Free-text object descriptions
■ ■ ■

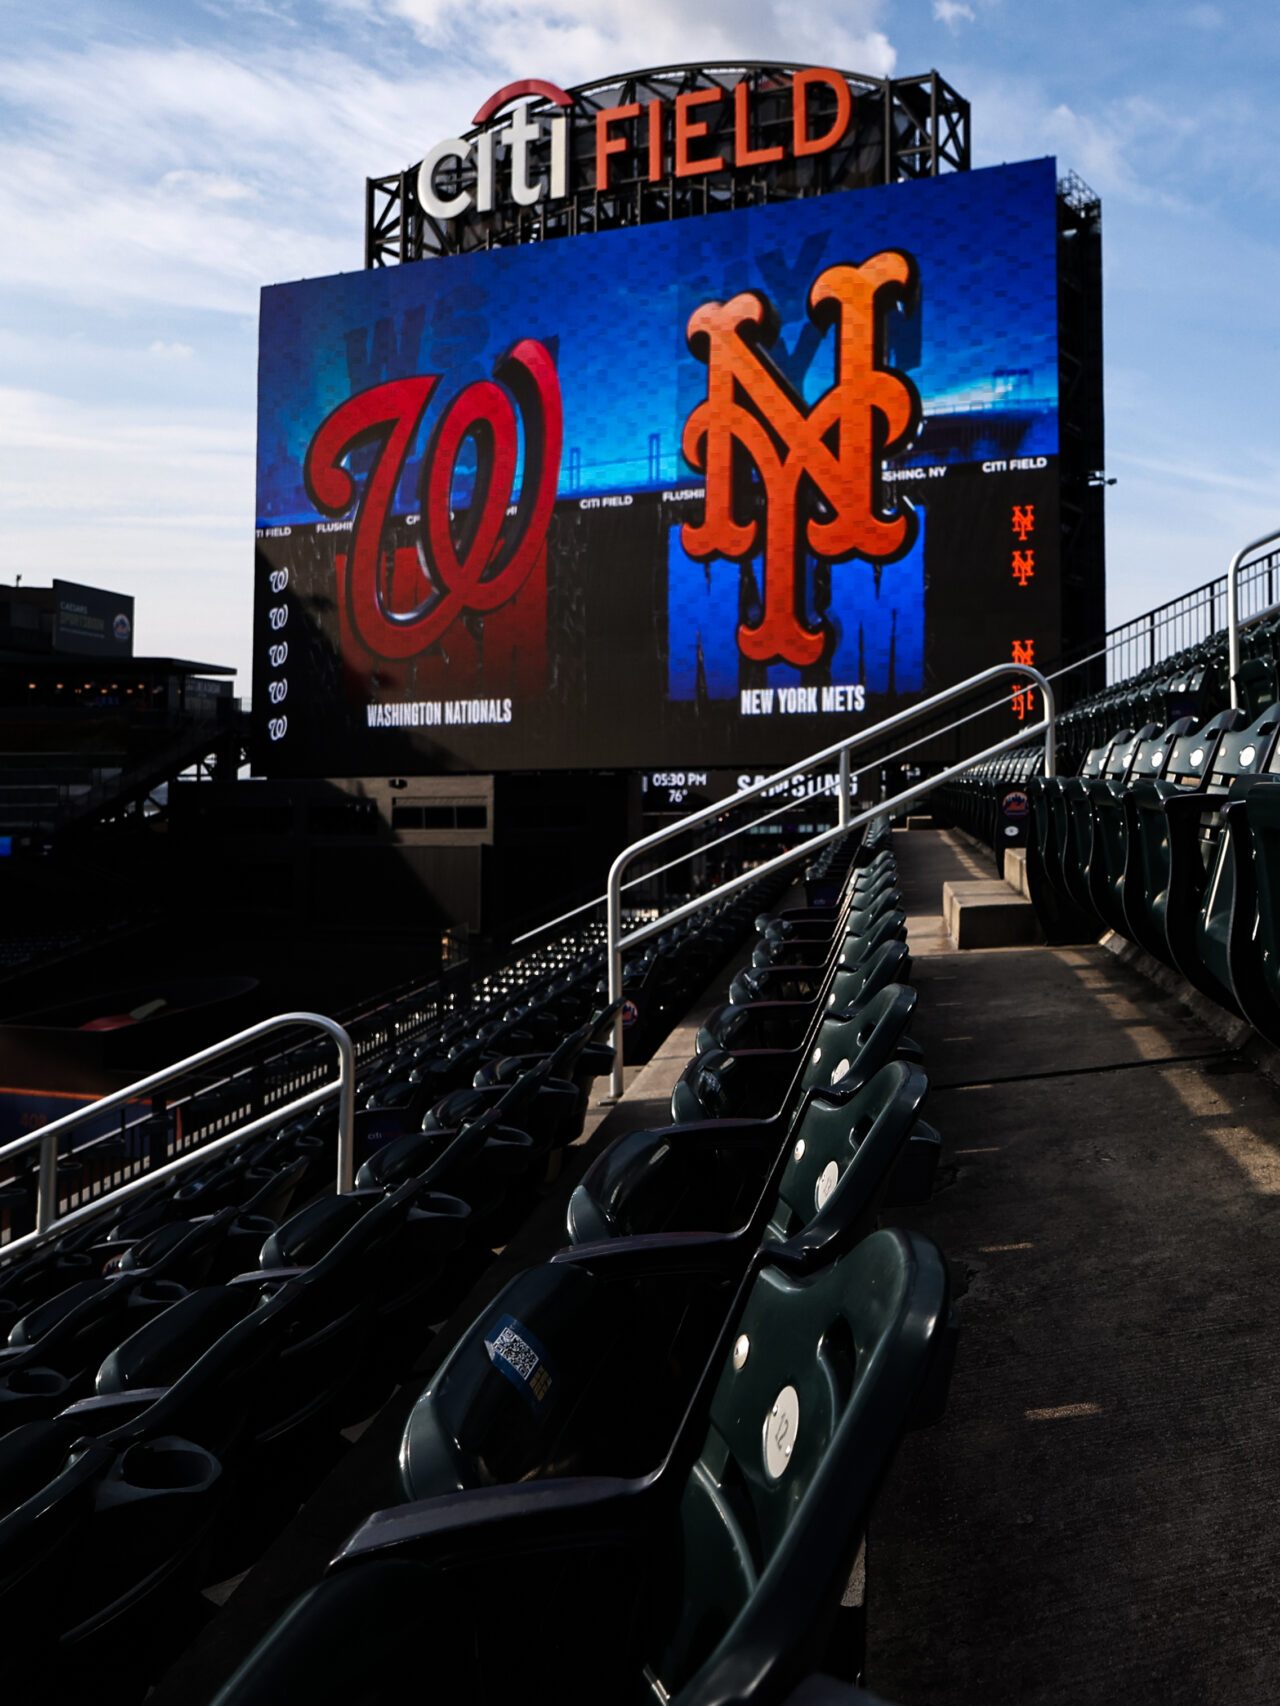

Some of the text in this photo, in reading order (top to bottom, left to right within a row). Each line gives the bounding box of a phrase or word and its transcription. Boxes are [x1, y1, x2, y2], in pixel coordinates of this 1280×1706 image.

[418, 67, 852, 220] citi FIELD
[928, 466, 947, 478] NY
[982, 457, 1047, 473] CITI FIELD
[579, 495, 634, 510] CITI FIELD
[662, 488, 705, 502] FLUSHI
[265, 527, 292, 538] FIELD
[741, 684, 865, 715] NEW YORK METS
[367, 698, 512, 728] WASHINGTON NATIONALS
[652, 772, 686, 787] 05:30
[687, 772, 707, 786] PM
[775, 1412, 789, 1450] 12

■ ■ ■

### What you are asked to do:
Restate each entry word for word. Omit every picture.

### The completed task:
Some of the text in this photo, in reading order (top to bottom, left to right within a row). Each line gives the bounding box of a phrase or word and its transcription. Boxes are [x1, y1, x2, y2], in pixel coordinates of this 1280×1706 image.

[418, 67, 852, 220] citi FIELD
[928, 466, 947, 478] NY
[982, 457, 1047, 473] CITI FIELD
[579, 495, 634, 510] CITI FIELD
[662, 488, 705, 502] FLUSHI
[265, 527, 292, 538] FIELD
[741, 684, 865, 715] NEW YORK METS
[367, 698, 512, 728] WASHINGTON NATIONALS
[652, 772, 686, 787] 05:30
[687, 772, 707, 786] PM
[775, 1412, 789, 1450] 12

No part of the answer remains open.